At the heart of this consumerism is fossil based fuel – not just for travel but intrinsic to almost every manufactured product in existence. If every human on the planet consumed like the average UK citizen we would need FOUR worlds to provide for them.
Almost every scientist now agrees that climate change is both happening and accelerated by the actions of mankind. Global warming is causing extreme weather systems (we are witnessing the coldest spring for decades whilst in the southern hemisphere NZ and Australia suffered an unprecedented heatwave this year.)
The evidence is all around us that burning up fossil fuels is literally burning up our planet. The case for investing in renewable energy is overwhelming but Governments all over the world are so hooked on the fossil fuel drug that they will do ever more expensive and dangerous things to achieve it. We saw the dangers of deep-sea well drilling in the Gulf of Mexico and the latest fad is Fracking – blasting pressurised toxins into the earth is an accident waiting to happen both in terms of polluted water supplies and earthquakes.
We humans have been destroying our eco-system at a much more rapid rate than ever before. Literally thousands of species of flora and fauna are made extinct every year leading to a poorer mix which also means a less resilient earth as there is less diversity to deal with changes.

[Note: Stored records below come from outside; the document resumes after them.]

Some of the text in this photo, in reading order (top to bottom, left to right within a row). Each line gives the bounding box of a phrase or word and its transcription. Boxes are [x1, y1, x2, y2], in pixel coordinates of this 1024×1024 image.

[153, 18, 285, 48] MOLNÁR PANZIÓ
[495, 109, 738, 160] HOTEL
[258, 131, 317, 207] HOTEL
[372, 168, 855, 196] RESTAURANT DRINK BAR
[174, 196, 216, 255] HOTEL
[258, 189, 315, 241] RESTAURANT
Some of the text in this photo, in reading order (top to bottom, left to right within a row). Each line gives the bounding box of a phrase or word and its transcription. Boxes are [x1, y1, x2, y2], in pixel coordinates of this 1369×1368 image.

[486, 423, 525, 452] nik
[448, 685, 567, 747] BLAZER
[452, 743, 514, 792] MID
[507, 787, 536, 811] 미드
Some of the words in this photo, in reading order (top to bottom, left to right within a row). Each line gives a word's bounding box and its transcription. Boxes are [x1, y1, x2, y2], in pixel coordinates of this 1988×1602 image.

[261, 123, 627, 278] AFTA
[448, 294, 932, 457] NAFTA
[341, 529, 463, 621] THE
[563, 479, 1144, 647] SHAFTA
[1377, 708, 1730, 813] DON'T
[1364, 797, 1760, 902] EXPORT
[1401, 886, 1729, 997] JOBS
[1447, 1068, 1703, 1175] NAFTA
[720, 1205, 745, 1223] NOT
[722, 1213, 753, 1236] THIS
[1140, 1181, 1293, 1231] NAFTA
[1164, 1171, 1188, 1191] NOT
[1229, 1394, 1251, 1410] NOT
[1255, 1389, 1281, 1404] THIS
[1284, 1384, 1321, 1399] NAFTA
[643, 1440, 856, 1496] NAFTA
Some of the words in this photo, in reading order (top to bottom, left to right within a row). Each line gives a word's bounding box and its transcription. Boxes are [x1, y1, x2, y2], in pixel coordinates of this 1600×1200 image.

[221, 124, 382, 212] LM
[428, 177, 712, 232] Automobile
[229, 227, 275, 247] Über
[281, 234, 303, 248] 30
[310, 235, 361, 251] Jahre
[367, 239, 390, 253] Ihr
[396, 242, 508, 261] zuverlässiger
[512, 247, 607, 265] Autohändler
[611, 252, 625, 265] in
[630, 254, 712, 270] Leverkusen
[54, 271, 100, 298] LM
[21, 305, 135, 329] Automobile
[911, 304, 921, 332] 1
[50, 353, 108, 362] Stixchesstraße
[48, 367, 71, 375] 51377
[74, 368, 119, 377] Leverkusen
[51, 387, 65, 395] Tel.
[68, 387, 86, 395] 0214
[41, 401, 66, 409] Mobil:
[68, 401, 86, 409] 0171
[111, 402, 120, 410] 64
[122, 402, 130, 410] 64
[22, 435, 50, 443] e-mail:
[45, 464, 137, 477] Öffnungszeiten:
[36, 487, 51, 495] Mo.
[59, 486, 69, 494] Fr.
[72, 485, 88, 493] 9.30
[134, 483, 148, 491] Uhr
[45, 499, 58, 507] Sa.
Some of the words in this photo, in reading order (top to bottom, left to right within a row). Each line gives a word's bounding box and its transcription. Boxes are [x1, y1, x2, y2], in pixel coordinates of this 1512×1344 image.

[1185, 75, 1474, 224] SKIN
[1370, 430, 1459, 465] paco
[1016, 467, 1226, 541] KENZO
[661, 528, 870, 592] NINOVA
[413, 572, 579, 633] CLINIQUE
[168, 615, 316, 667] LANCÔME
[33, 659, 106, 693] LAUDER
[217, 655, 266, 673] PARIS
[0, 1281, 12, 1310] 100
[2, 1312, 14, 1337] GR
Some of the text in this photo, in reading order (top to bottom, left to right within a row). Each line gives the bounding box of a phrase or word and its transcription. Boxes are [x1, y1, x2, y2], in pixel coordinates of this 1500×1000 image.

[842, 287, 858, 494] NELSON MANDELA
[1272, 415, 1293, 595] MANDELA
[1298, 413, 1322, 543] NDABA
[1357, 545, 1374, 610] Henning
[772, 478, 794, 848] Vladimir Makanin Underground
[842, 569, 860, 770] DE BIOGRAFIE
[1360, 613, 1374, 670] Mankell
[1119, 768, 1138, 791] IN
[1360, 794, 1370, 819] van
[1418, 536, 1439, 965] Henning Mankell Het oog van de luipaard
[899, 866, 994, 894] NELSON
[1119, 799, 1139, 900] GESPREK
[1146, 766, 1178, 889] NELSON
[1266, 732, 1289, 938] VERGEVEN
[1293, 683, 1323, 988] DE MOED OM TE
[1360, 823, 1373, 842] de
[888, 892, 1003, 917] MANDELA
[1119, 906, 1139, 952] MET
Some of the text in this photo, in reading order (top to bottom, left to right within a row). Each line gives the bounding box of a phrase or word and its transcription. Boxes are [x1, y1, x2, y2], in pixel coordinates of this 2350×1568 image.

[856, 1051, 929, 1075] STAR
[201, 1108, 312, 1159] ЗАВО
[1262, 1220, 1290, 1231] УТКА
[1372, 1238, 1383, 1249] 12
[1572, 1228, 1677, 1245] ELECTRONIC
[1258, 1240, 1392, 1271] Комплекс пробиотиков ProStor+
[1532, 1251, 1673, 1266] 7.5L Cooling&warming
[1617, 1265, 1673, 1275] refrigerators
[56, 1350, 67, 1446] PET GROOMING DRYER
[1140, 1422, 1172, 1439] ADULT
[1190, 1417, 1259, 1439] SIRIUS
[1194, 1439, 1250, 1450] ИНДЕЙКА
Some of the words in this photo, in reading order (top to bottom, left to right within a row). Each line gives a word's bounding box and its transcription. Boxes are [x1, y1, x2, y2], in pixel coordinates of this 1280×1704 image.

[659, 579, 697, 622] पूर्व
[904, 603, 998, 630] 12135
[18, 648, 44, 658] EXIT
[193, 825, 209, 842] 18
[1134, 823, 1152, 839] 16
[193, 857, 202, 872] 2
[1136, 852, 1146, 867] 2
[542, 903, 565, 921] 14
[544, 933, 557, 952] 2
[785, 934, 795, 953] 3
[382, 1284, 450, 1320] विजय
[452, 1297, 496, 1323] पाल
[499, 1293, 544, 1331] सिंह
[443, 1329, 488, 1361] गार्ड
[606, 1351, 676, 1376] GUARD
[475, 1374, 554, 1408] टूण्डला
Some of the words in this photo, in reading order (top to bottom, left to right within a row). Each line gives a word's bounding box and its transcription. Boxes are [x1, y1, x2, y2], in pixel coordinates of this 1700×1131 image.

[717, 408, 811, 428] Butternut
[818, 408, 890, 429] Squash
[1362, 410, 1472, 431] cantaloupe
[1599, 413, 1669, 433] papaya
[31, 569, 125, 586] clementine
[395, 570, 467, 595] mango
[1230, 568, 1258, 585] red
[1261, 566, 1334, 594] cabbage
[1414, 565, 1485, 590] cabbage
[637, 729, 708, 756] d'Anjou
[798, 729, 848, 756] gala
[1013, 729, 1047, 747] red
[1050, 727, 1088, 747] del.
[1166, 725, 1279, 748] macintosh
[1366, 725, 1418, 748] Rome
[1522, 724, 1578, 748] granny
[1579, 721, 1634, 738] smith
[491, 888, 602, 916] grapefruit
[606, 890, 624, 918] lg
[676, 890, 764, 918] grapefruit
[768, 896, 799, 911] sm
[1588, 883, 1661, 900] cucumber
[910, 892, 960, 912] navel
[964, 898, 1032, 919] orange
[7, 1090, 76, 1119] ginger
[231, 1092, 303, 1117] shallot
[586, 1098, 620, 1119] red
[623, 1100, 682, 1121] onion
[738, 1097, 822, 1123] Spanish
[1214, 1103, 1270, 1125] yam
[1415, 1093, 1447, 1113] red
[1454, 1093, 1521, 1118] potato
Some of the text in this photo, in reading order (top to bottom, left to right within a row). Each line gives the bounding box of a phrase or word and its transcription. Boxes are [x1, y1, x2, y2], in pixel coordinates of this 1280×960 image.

Our skewed value system led to grotesque distortions in our financial system as bankers sought short term profits rather than long term service relationships. Obscene and conspicuous rewards drove dysfunctional behaviours so that bankers effectively gambled with your money – and in many cases lost! The taxpayers shall be picking up this tab for years to come. This behaviour is not confined to banking – we see greed and selfishness in the utility industries as well – as utility bosses salaries and bonuses have skyrocketed whilst the pricing for customers has been made as complex and bewildering as possible. http://www.standard.co.uk/news/uk/millions-in-fuel-poverty-as-energy-bosses-pocket-164m-payout-8551461.html
The Green Party runs on a different set of values to the mainstream. We believe that there is a more caring way to manage our affairs. A way that harmonises technological advances and human well being with the needs of our natural environment. A truly sustainable society is one that provides sufficient incentives to do well whilst providing a sense of fairness. A sustainable society is at peace with itself without excessive ill health and stress where people care for and support each other in their own communities. A sustainable society can meet its food and other resource needs without depleting all the earth’s natural resources so that the world that a generation bequeaths is better than the one that it inherited.